De plus, on a reconnu le préjudice de l'anxiété, pour lequel les juridictions ne sont pas complètement outillées alors qu'il générera un contentieux colossal. On en est victime lorsque l'on ne souffre pas du cancer de l'amiante, mais que l'on redoute d'en être malade parce que l'on vit dans une zone exposée. Toute personne atteinte par l'amiante ou s'étant trouvée à son contact peut revendiquer un préjudice d'anxiété, que les employeurs refusent également de reconnaître. Chaque dossier est donc un combat acharné, que mènent des batteries d'avocats payés par les employeurs.

Les avocats se sont désintéressés des dossiers relatifs à la sécurité sociale, le pourcentage de présence des avocats dans ces affaires s'avérant très faible. Les plaignants ou les associations se présentent donc eux-mêmes. Dès que les victimes auront connaissance du taux très élevé de réussite des procédures lancées dans le cadre de ce contentieux – bien supérieur à celui relevé dans les autres juridictions –, le nombre des dossiers explosera. Des centaines de milliers d'affaires se trouvent déjà en cours d'instruction.
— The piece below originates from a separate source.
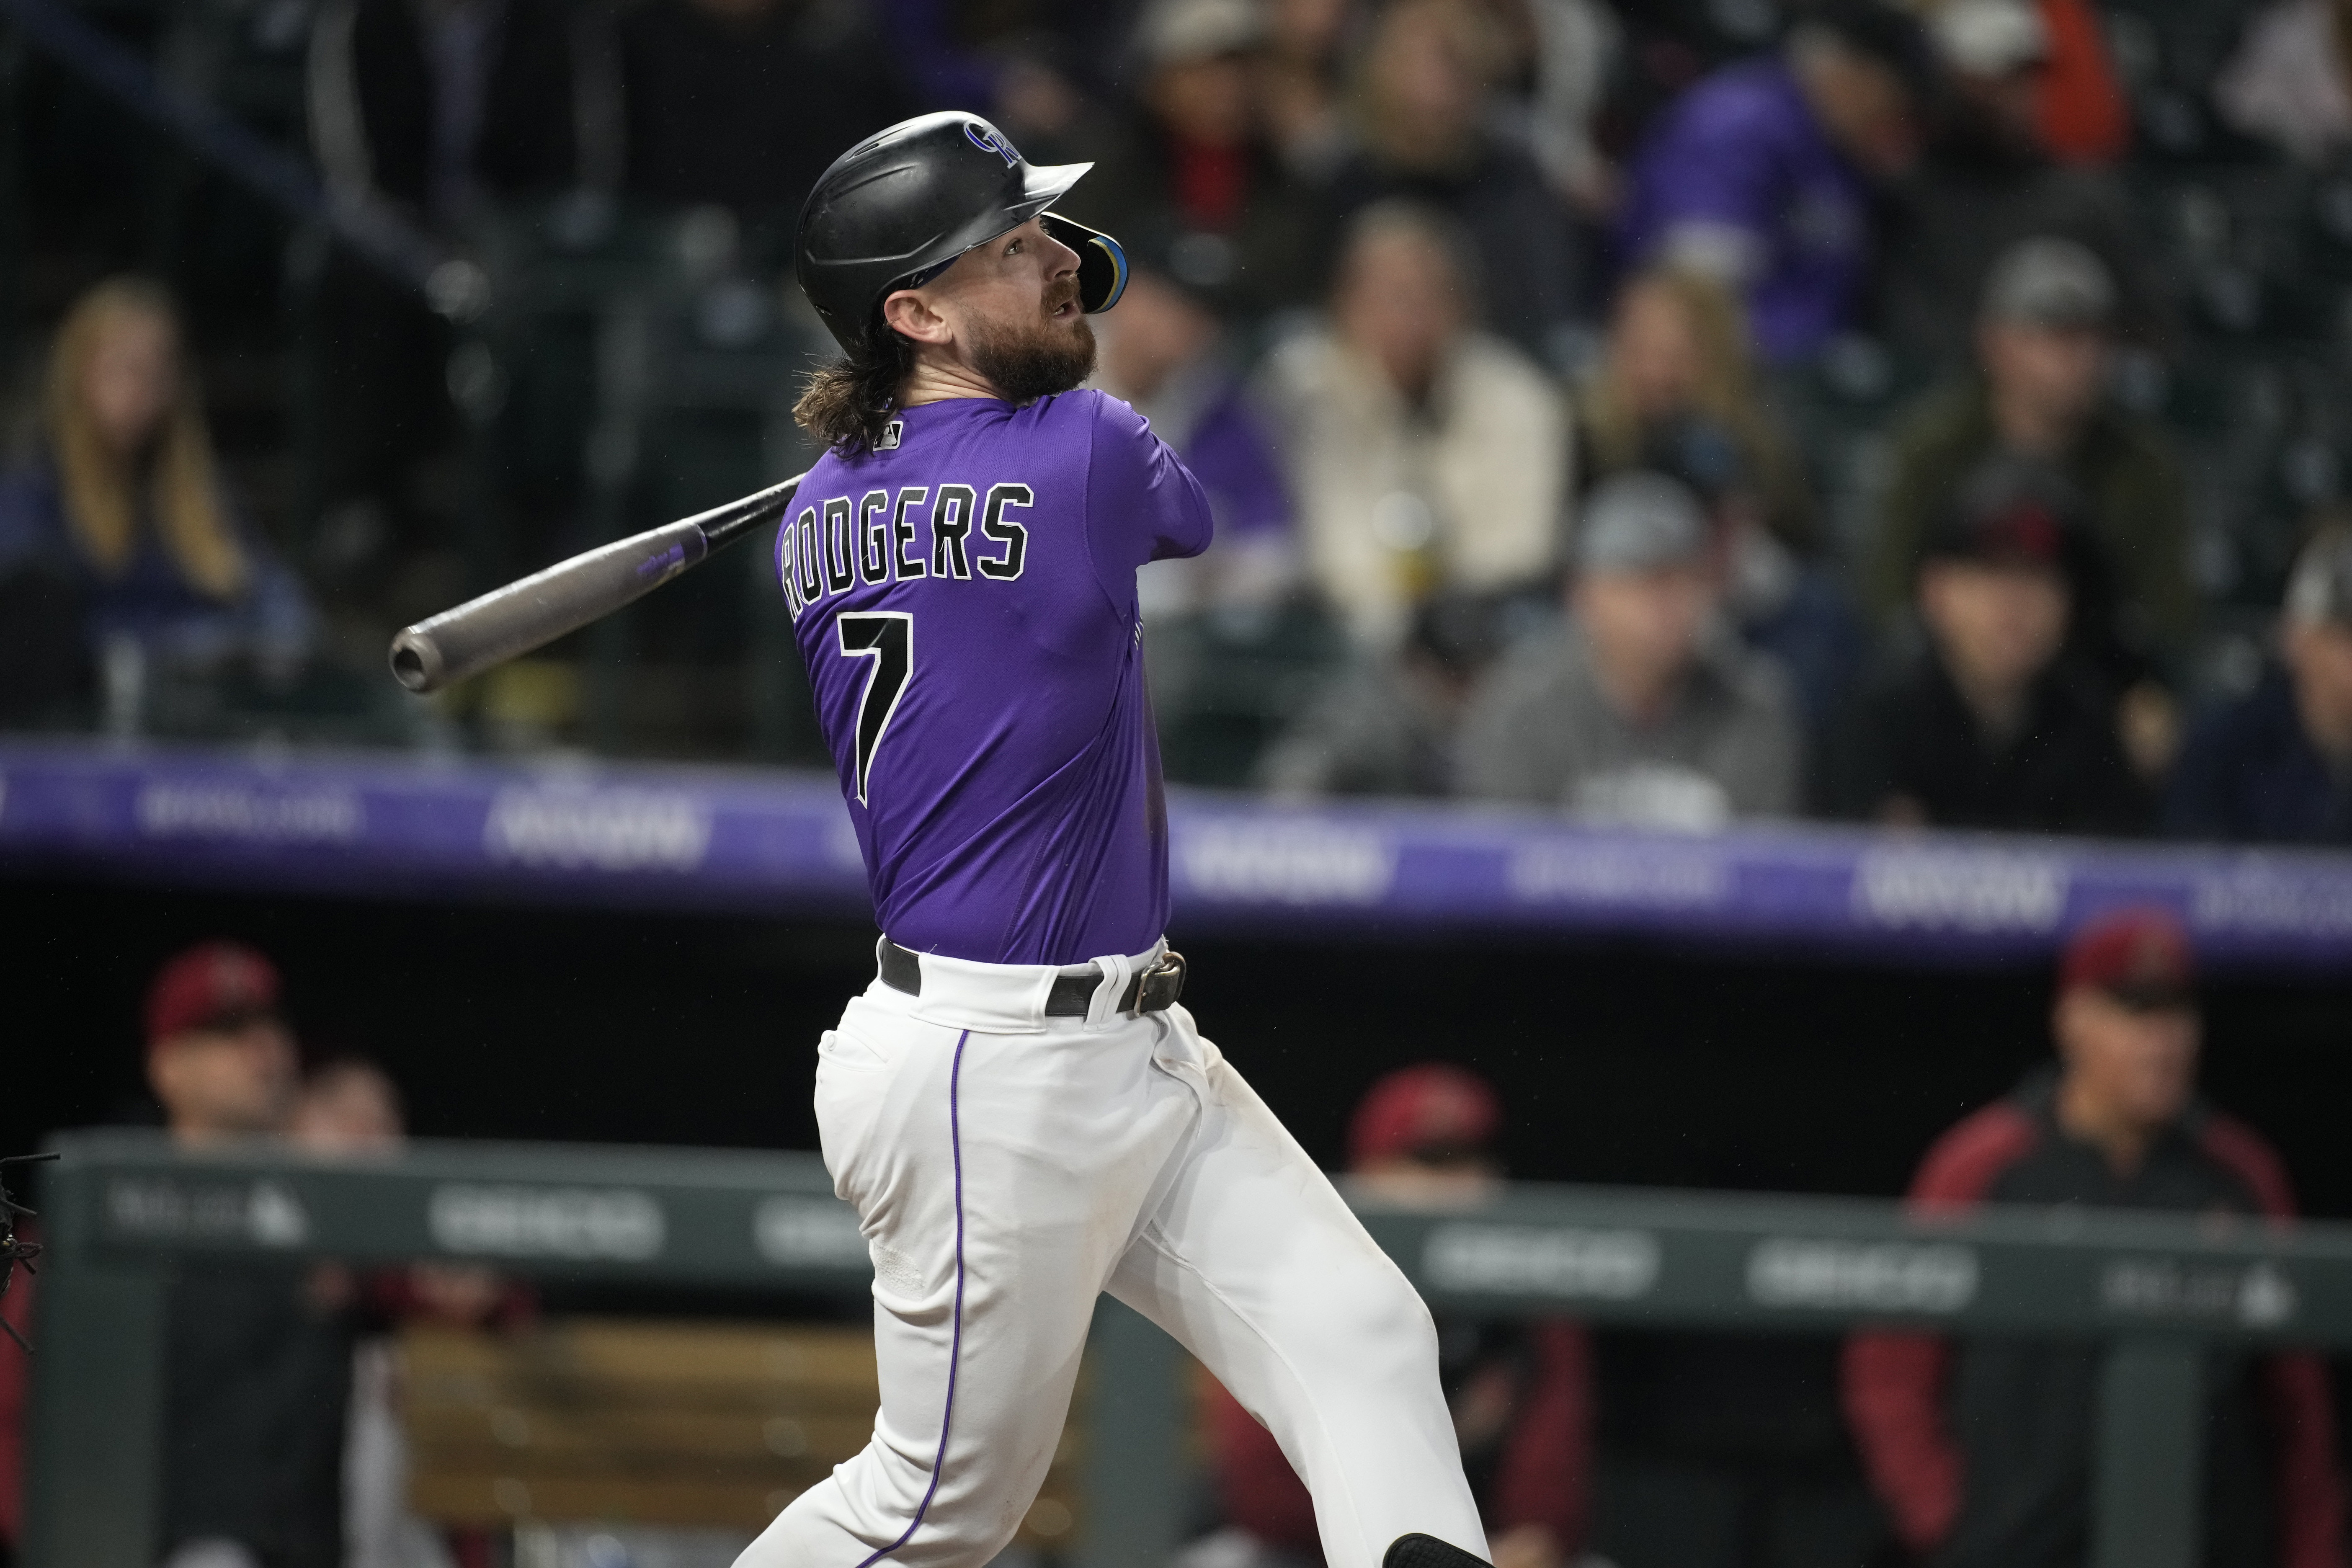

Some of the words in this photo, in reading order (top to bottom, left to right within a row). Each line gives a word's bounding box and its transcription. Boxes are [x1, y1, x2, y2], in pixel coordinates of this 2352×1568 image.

[963, 119, 1022, 169] CR
[781, 483, 1034, 623] RODGERS
[836, 611, 913, 809] 7
Monsieur le garde des Sceaux, il convient de nommer des dizaines de magistrats pour traiter ces dossiers, afin d'éviter que ne prospère une terrible injustice. En effet, la plupart de ces gens meurent à cause des cancers ou d'autres maladies contractées du fait de leur exposition à l'amiante. Lorsqu'ils saisissent un tribunal, leur espérance de vie est inférieure à la décennie que durera la procédure.